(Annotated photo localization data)

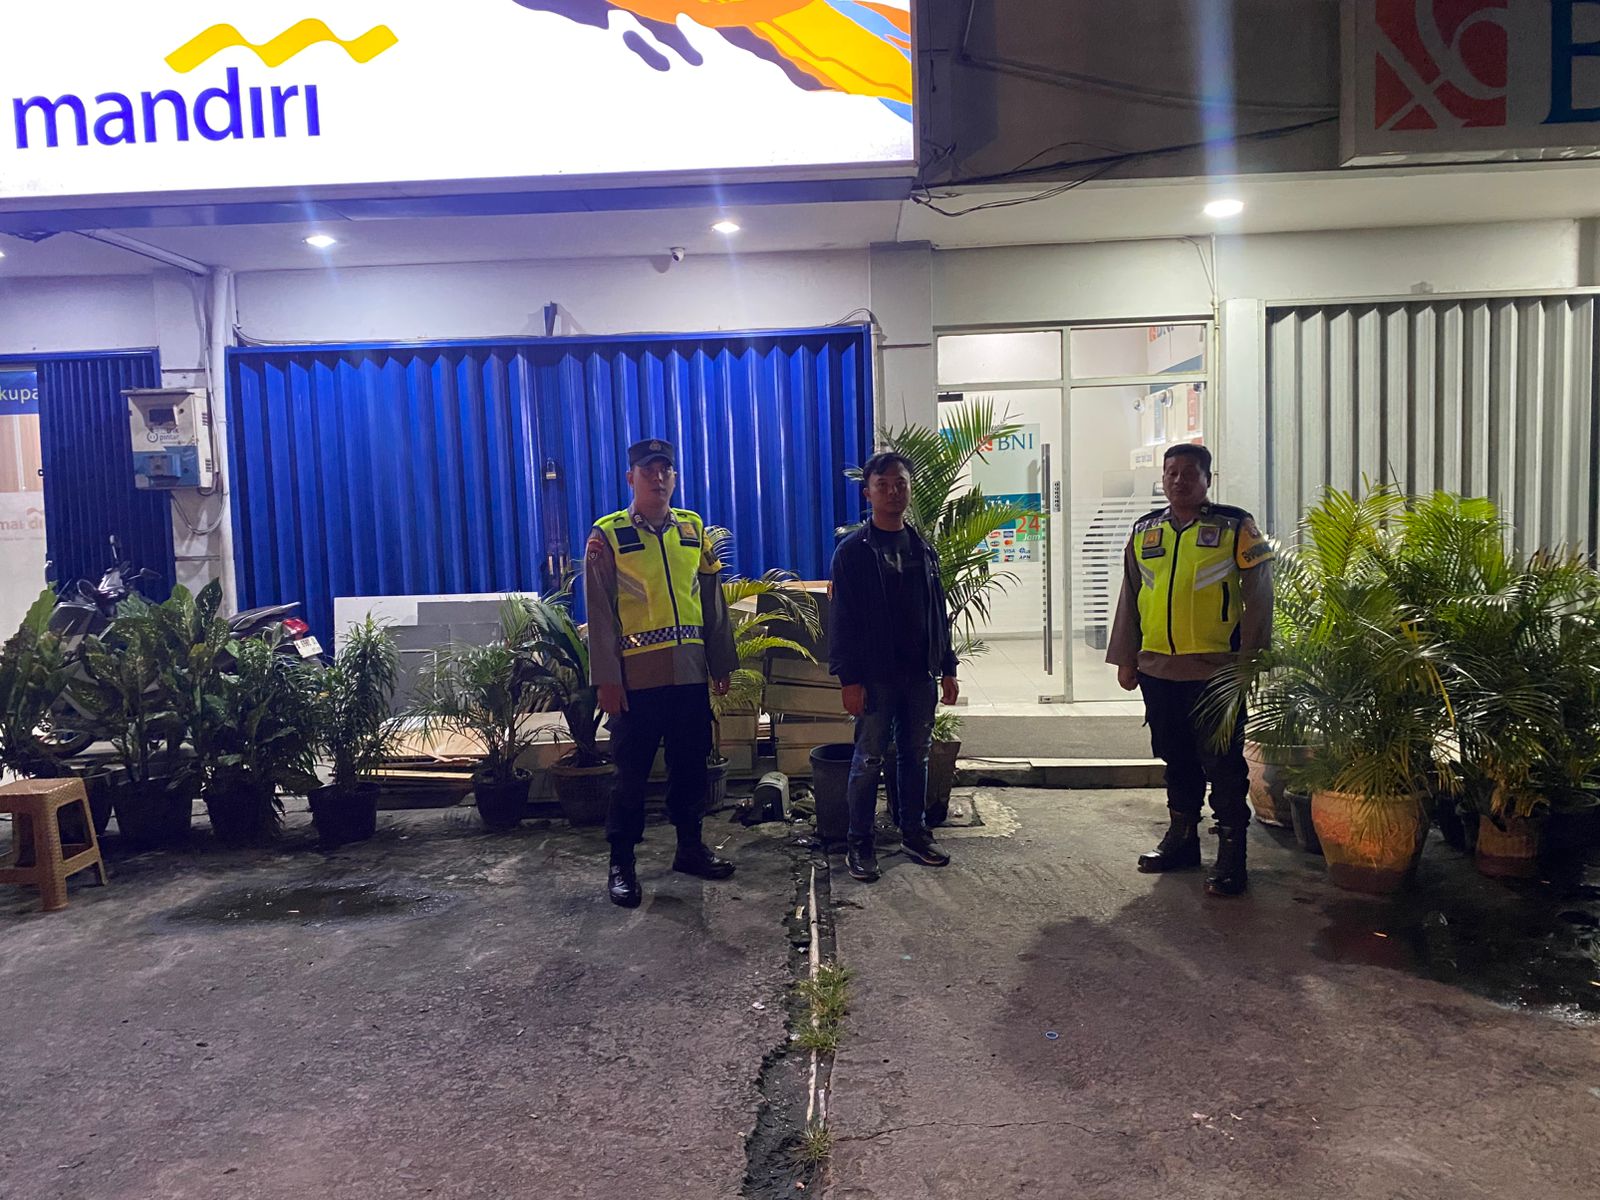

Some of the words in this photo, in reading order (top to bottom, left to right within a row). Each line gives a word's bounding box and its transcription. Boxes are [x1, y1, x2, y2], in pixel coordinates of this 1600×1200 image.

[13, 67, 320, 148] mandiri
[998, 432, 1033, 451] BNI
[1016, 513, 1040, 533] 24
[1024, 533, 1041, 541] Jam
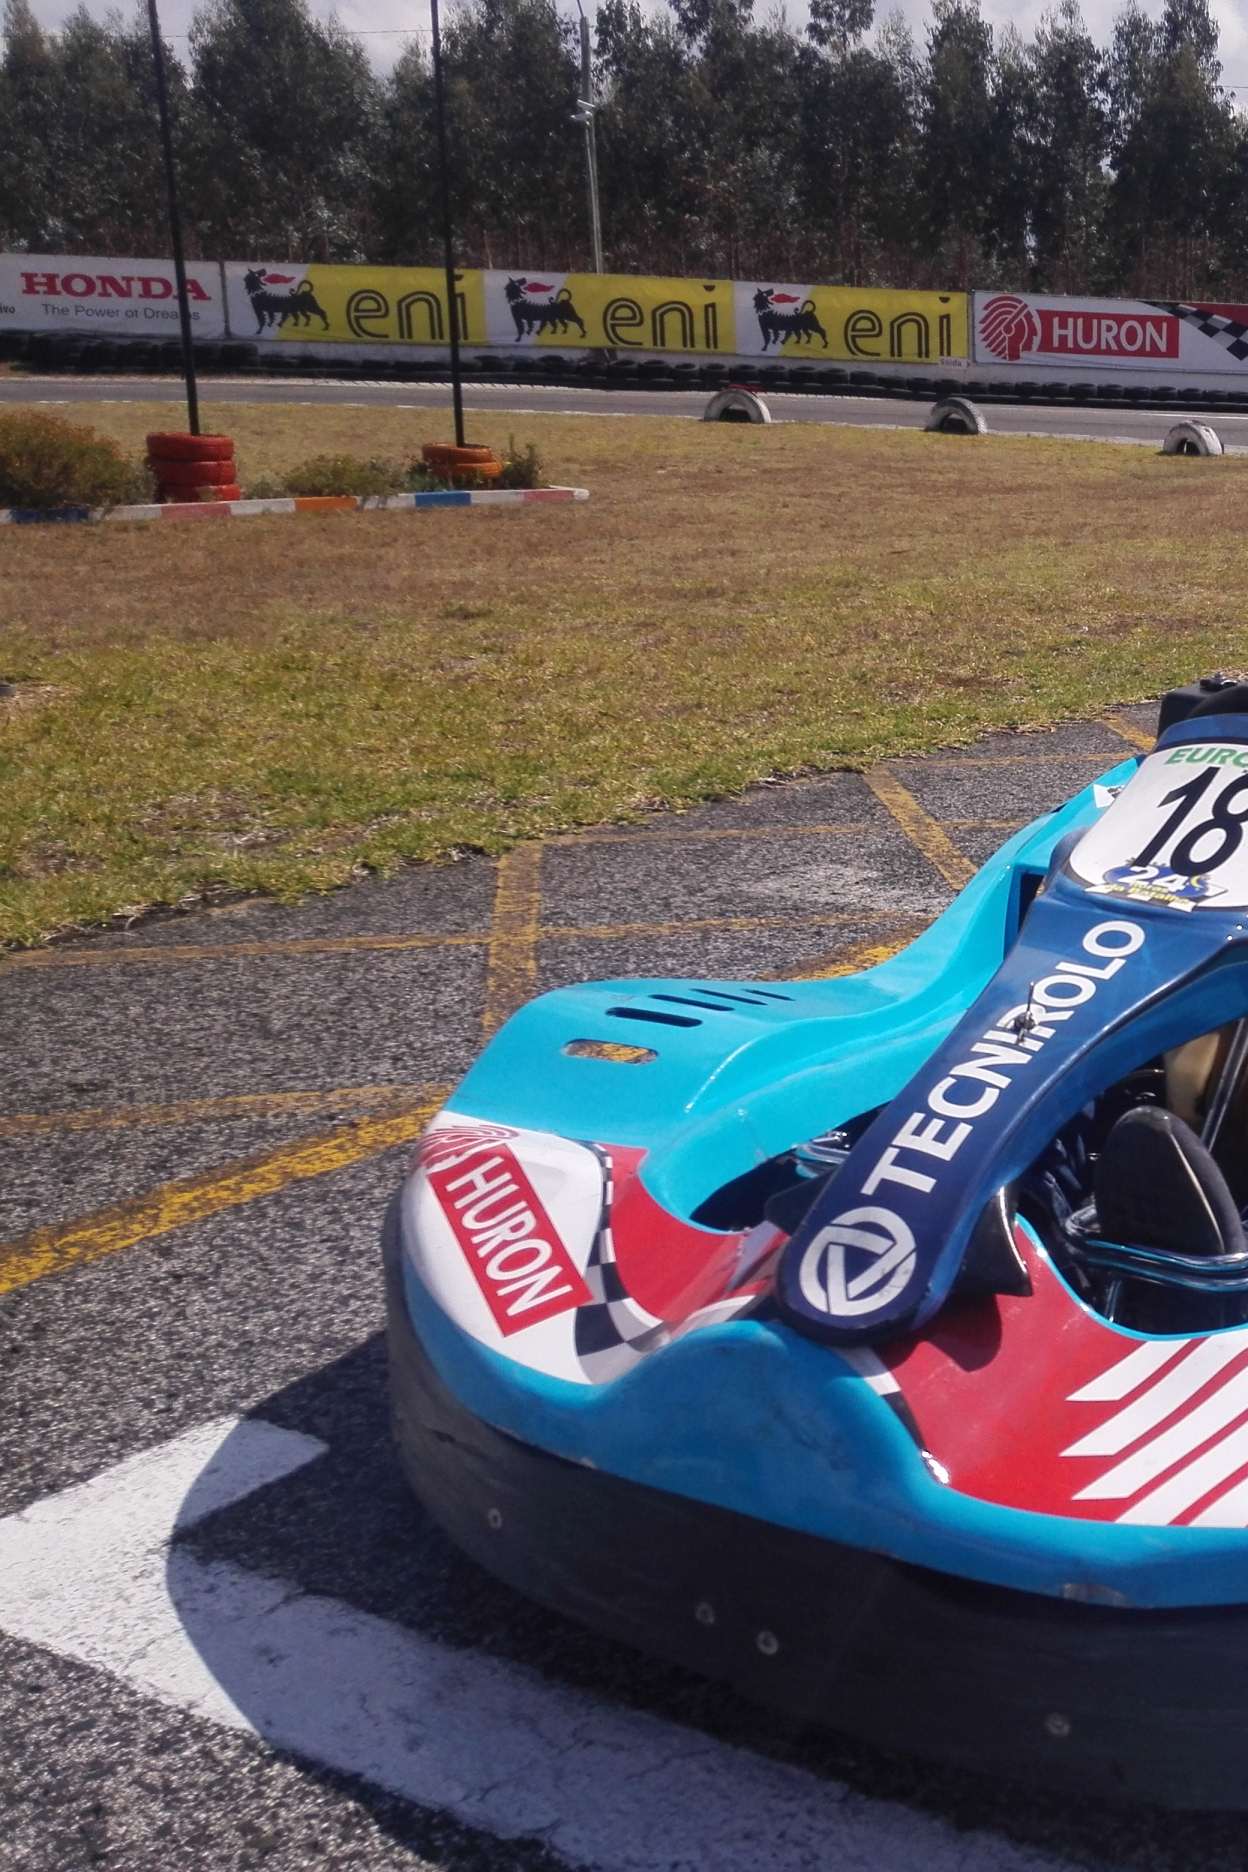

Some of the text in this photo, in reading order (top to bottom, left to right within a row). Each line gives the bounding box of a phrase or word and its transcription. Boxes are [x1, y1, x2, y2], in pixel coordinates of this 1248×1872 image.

**ABOUT THIS TASK**
Copy every line above exactly, leaving no picture in the copy.

**RESPONSE BOX**
Some of the words in this photo, in reading order (top to bottom, left to right within a row). Each line gives a word's bounding box and its transcription. Boxes are [x1, y1, x2, y2], in pixel coordinates of this 1600×1200 image.

[13, 67, 320, 148] mandiri
[998, 432, 1033, 451] BNI
[1016, 513, 1040, 533] 24
[1024, 533, 1041, 541] Jam

Some of the text in this photo, in reading order (top to bottom, left to right within a row). Each line gives the bounding box of a phrase or word and its transcription. Boxes are [x1, y1, x2, y2], in pixel coordinates of this 1248×1872 image.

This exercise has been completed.